» Task goal
Exactly as written, output each of the lines below, with no images.

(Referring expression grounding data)
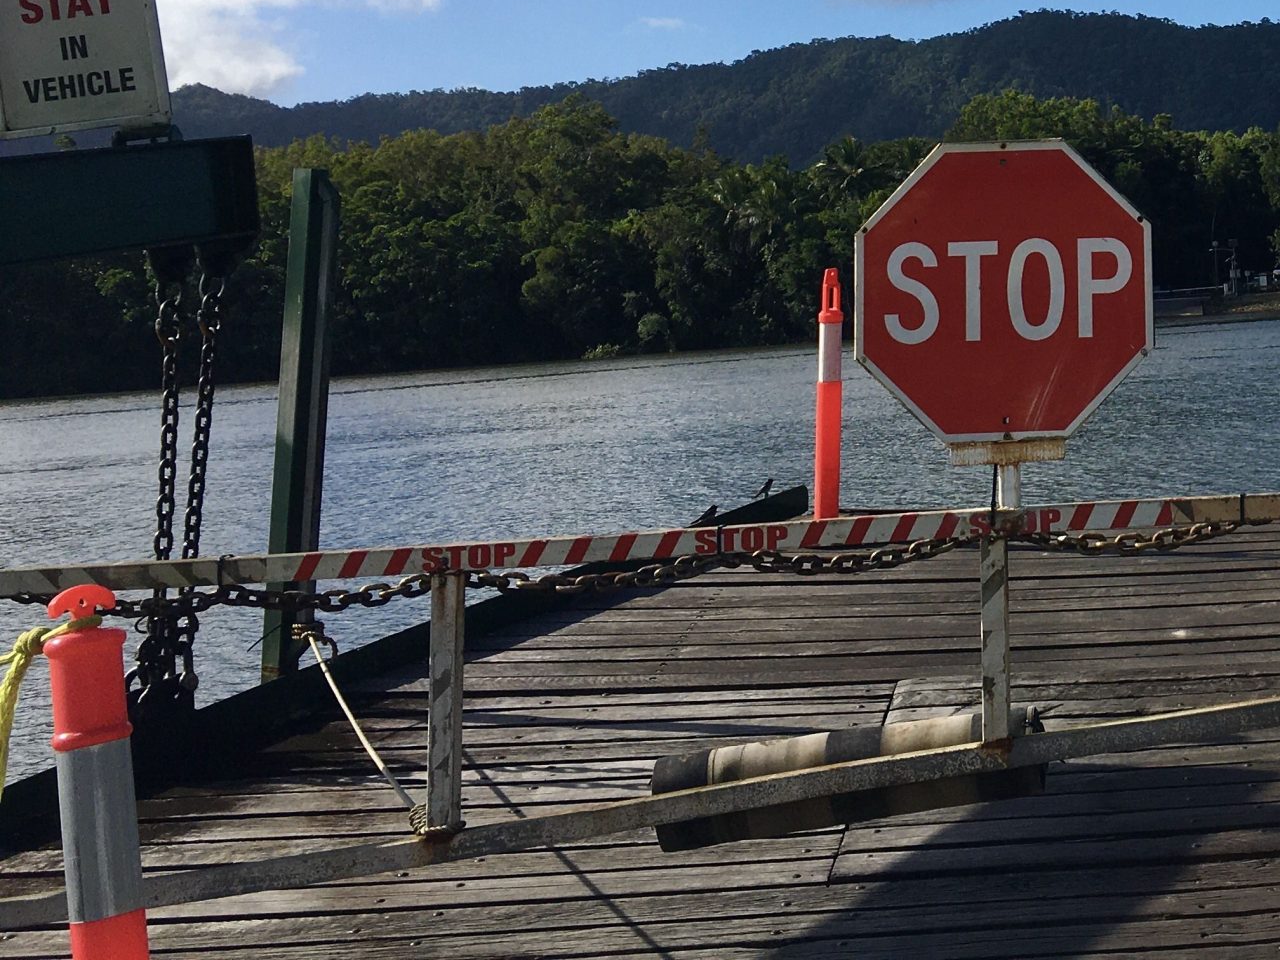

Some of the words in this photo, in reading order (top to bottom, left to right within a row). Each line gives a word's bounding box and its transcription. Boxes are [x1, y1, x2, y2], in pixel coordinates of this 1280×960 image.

[60, 35, 88, 61] IN
[23, 67, 136, 104] VEHICLE
[884, 237, 1133, 345] STOP
[969, 508, 1062, 537] SOP
[695, 525, 788, 554] STOP
[422, 542, 516, 572] STOP

» Solution for this task
Some of the words in this photo, in reading order (top to bottom, left to right within a row). Each line gives a word's bounding box and its transcription. Boxes are [x1, y1, x2, y2], in pixel coordinates of this 1280×960 image.

[60, 35, 88, 61] IN
[23, 67, 136, 104] VEHICLE
[884, 237, 1133, 345] STOP
[969, 508, 1062, 537] SOP
[695, 525, 788, 554] STOP
[422, 542, 516, 572] STOP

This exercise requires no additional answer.